Legal guidance - compliance - software

06 FEB 2013

Haq and Others v The Audit Commission [2012] EWCA Civ 1621; (2013) EMPLR 010

Equal pay - pay protection policies


6 December 2011

Court of Appeal

Mummery, Lewison LJJ and Sir Mark Waller

The Court of Appeal upholds the EAT's conclusion that a pay protection policy which continued a pay disparity after two jobs of different seniority merged was a material factor justifying the difference in pay.

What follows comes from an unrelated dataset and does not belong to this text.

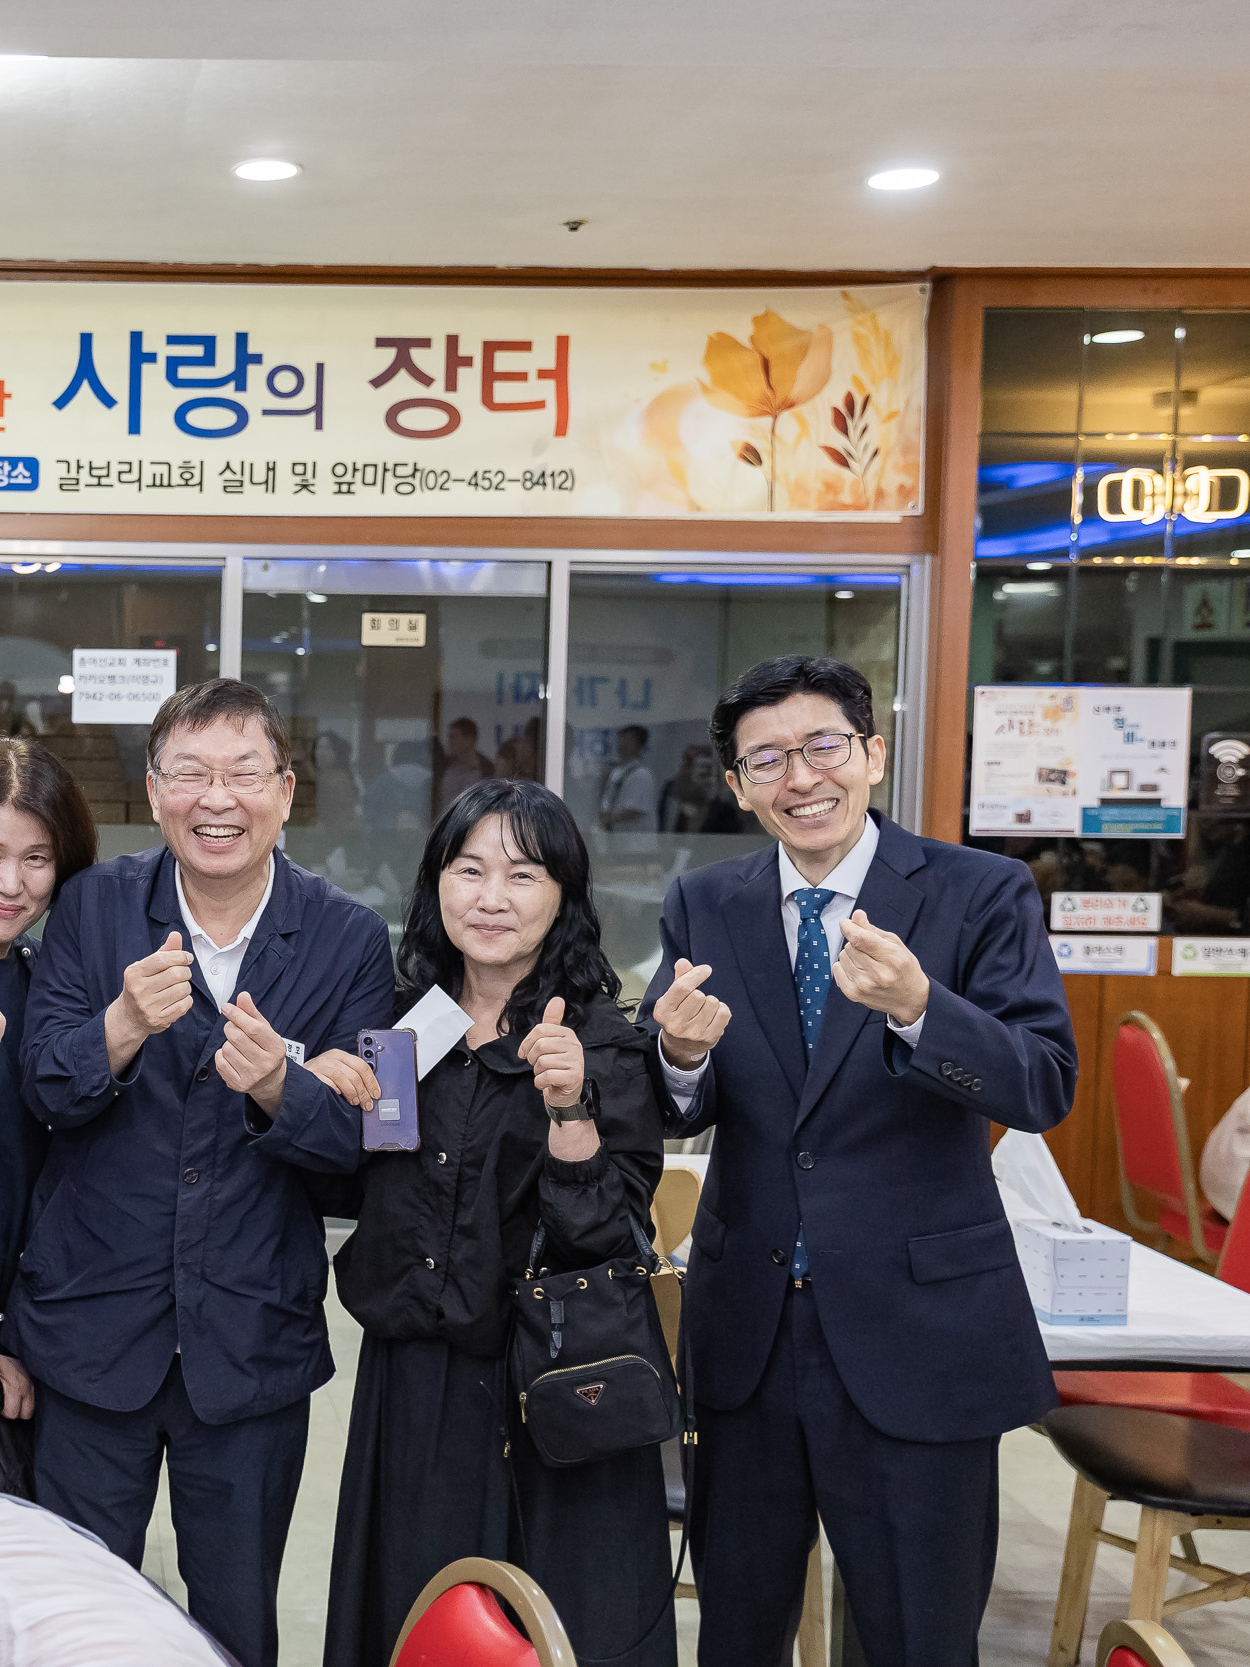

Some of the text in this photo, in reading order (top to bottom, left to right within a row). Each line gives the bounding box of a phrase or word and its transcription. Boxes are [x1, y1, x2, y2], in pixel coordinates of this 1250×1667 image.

[52, 330, 571, 440] 사랑의 장터
[55, 458, 576, 496] 갈보리교회 실내 및 앞마당(02-452-8412)
[369, 617, 419, 632] 회의실

Posts of Inspection and Information Officers (IIOs - all women) were amalgamated with senior positions (SIIOs, a mix and men and women), creating 11 new posts. Two of those positions went to male former SIIOs. Those two males were paid more than the Claimants (all women) because the pay protection policy kept them on their previous pay band. The Claimants' pay was similarly protected and, in some cases, increased but not to the level of the former SIIOs.

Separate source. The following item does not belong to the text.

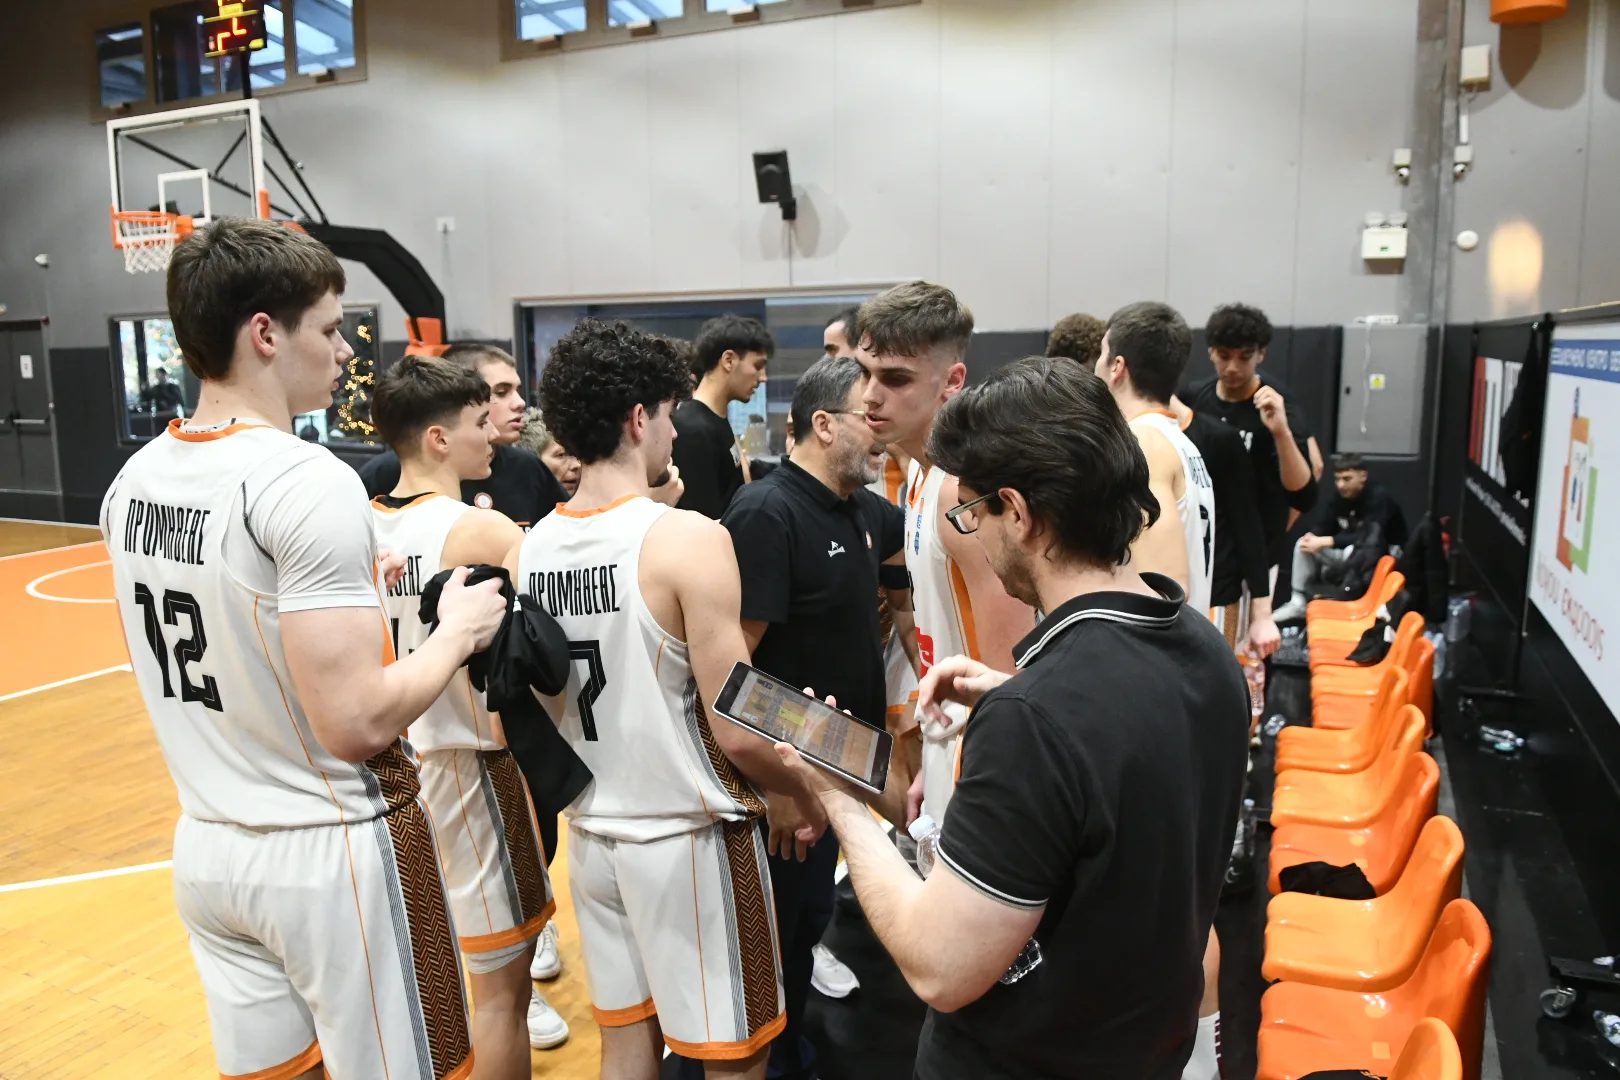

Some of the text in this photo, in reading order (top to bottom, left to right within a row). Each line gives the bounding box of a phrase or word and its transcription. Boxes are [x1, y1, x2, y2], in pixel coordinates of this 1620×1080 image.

[124, 498, 211, 566] ΠΡΟΜΗΘΕΑΣ
[529, 564, 621, 618] ΠΡΟΜΗΘΕΑΣ
[134, 581, 224, 713] 12
[567, 639, 607, 742] 7

The employment tribunal concluded that the pay protection policy was a material factor which explained the pay differential. So the outcome of the claim depended on whether that material factor (the pay protection policy) was discriminatory. The fact that the former IIOs were all women established a prima facie case of indirect sex discrimination, unless the policy could be justified on grounds unconnected with sex.

The tribunal concluded that the aims of the policy could have been achieved in a less discriminatory way by only appointing the ISOs to the new position and making the SIIOs redundant; or ‘freezing' their pay until the Claimants' pay caught up with them.

The EAT disagreed. Whether the pay protection policy was justified did not depend on whether the tribunal could think of a different way to avoid the pay disparity. The policy benefited the Claimants as well; and freezing the SIIOs' pay would not have helped because some Claimants' pay would then also have been frozen. Excluding the SIIOs would have prevented the Commission from appointing the highest caliber people and could have constituted unlawful discrimination against the SIIOs.

The Court of Appeal, by a majority, agreed.